Print every line below that comes at or after the line containing "Some of the text", exactly as written.

──────── SOURCE DATA ────────

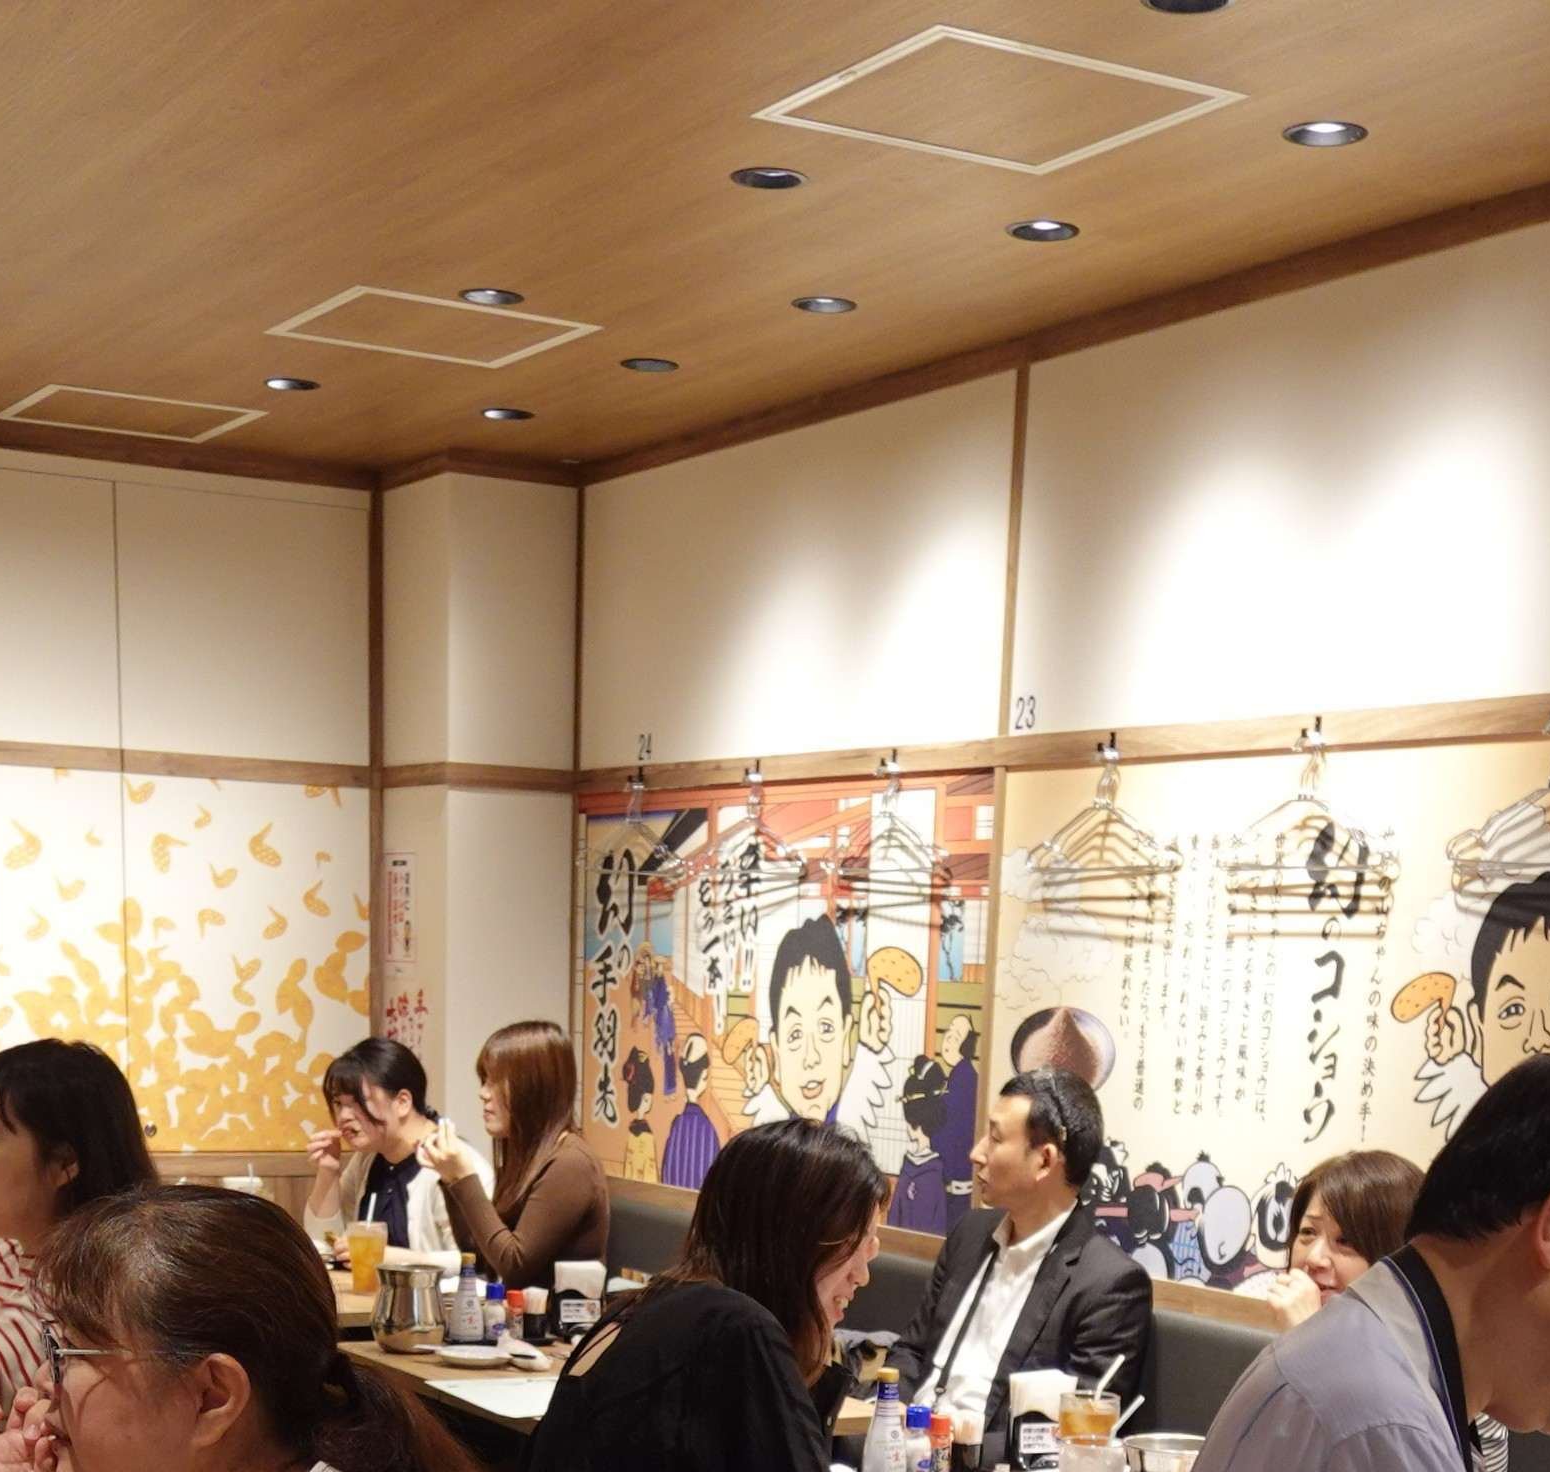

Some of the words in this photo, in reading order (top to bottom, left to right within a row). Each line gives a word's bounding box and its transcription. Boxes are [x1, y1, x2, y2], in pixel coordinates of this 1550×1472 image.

[638, 734, 652, 761] 24
[1015, 697, 1037, 730] 23
[591, 848, 634, 1123] 幻の手羽先
[1303, 821, 1370, 1143] 幻のコショウ
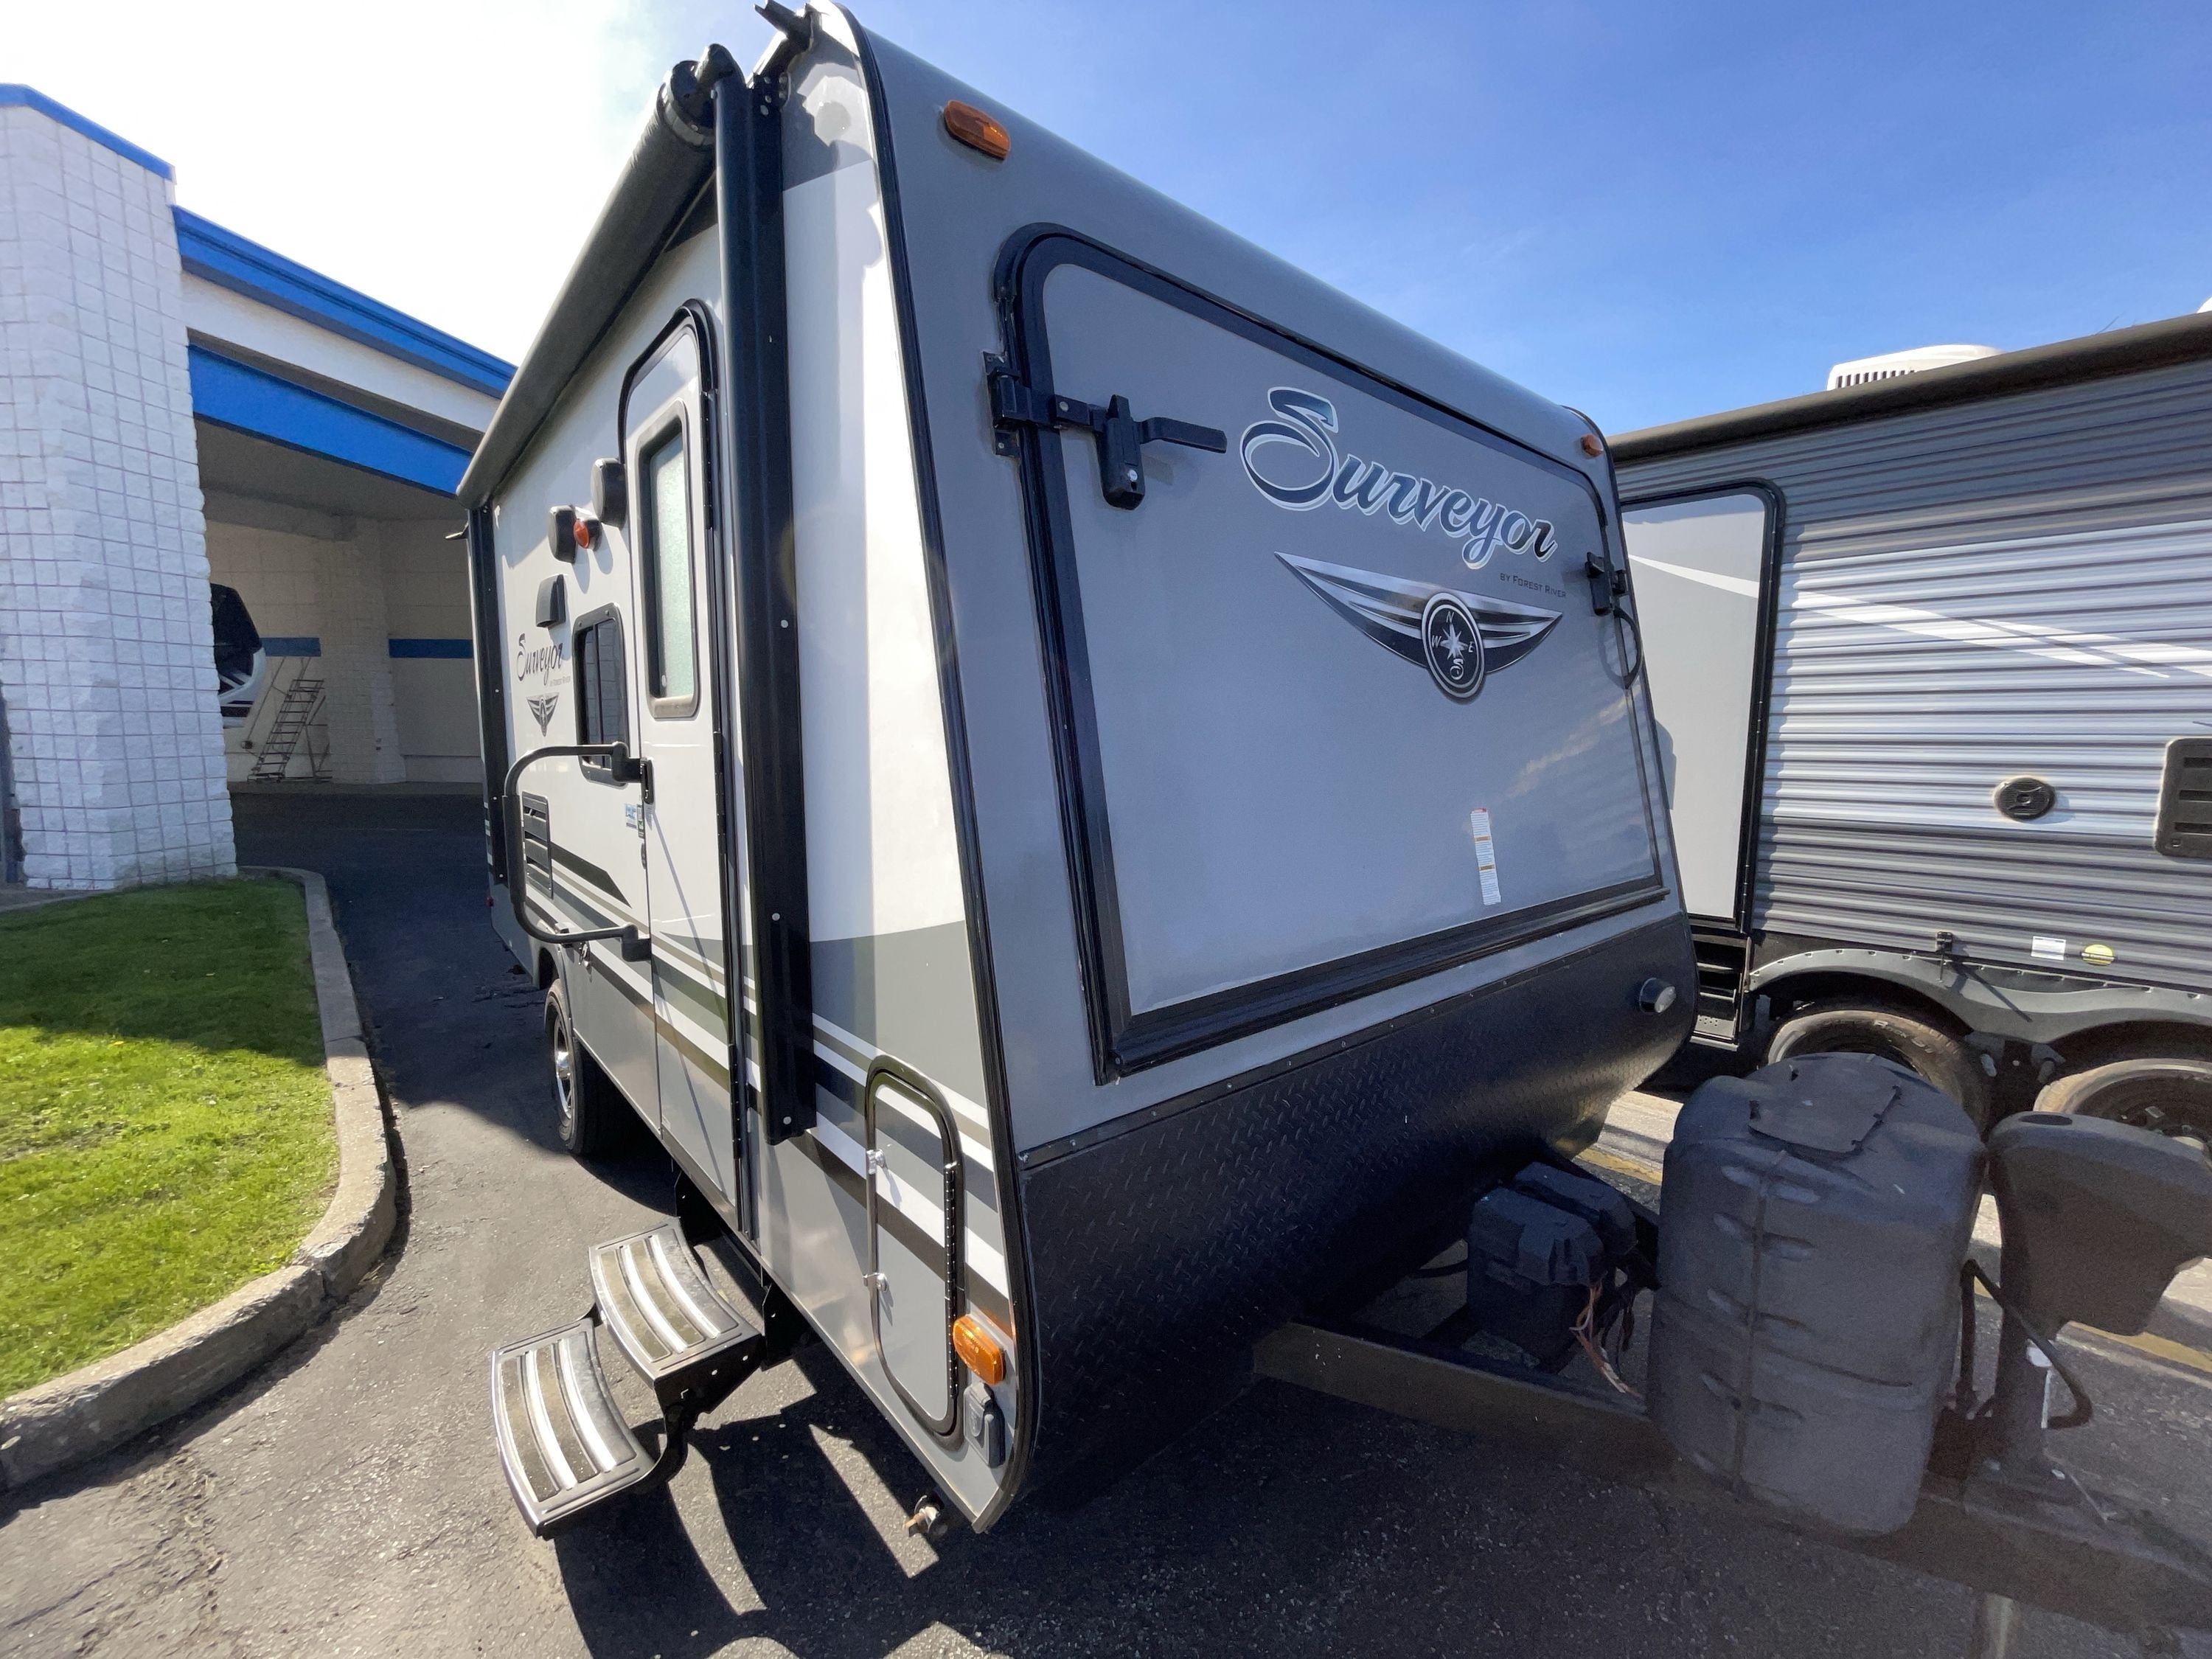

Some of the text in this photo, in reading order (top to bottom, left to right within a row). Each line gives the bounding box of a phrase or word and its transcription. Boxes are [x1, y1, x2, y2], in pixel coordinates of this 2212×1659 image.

[1239, 386, 1558, 570] Surveyor
[1500, 572, 1567, 598] BY FOREST RIVER
[1446, 611, 1455, 623] N
[1431, 635, 1475, 653] W E
[517, 633, 563, 686] Surveyor
[1450, 658, 1464, 680] S

────────

• _PROBLEM SOLUTION_
Some of the text in this photo, in reading order (top to bottom, left to right within a row). Each line gives the bounding box of a phrase or word and its transcription. Boxes are [x1, y1, x2, y2], in pixel coordinates of this 2212×1659 image.

[1239, 386, 1558, 570] Surveyor
[1500, 572, 1567, 598] BY FOREST RIVER
[1446, 611, 1455, 623] N
[1431, 635, 1475, 653] W E
[517, 633, 563, 686] Surveyor
[1450, 658, 1464, 680] S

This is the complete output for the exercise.